▸ **Instructions to follow**
Repeat the records below exactly. Omit the pictures.

═══

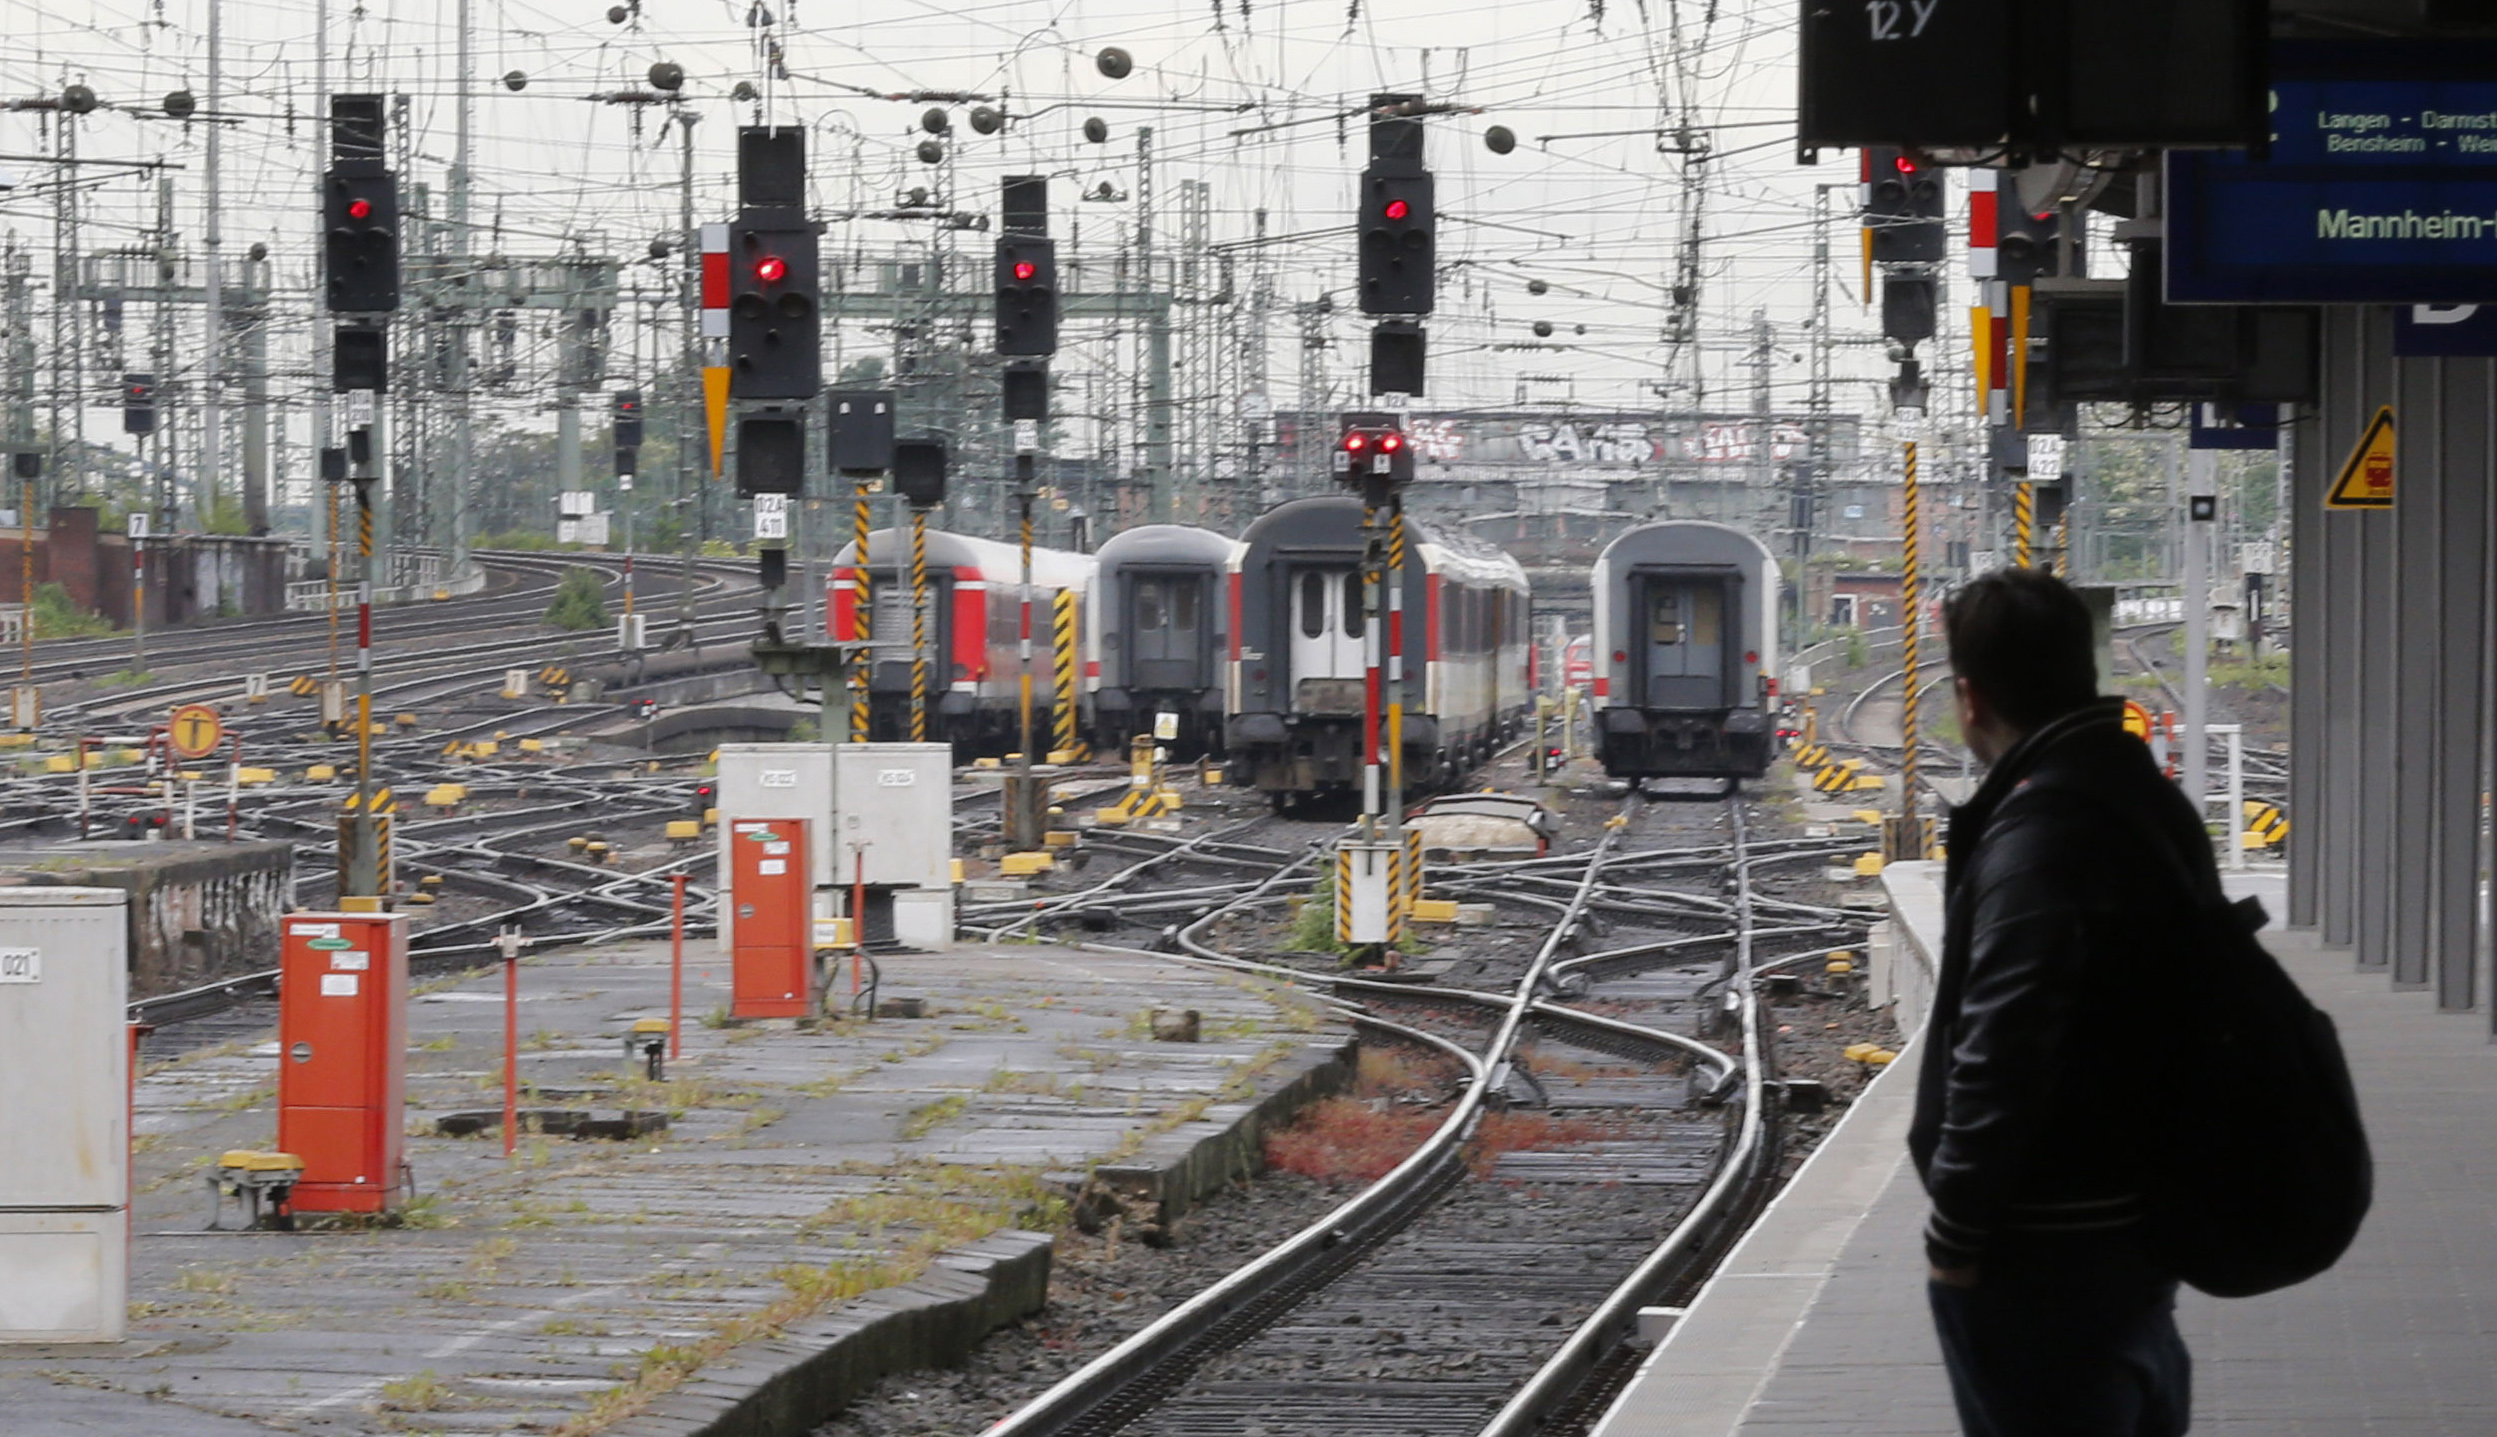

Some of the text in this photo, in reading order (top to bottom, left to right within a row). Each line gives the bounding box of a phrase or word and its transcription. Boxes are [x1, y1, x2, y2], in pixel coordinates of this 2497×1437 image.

[1865, 0, 1902, 40] 12
[2318, 111, 2391, 133] Langen
[2327, 134, 2426, 151] Bensheim
[2317, 209, 2497, 238] Mannheim-

═══

▸ **Your response**
Some of the text in this photo, in reading order (top to bottom, left to right within a row). Each line gives the bounding box of a phrase or word and its transcription. Boxes are [x1, y1, x2, y2], in pixel coordinates of this 2497×1437 image.

[1865, 0, 1902, 40] 12
[2318, 111, 2391, 133] Langen
[2327, 134, 2426, 151] Bensheim
[2317, 209, 2497, 238] Mannheim-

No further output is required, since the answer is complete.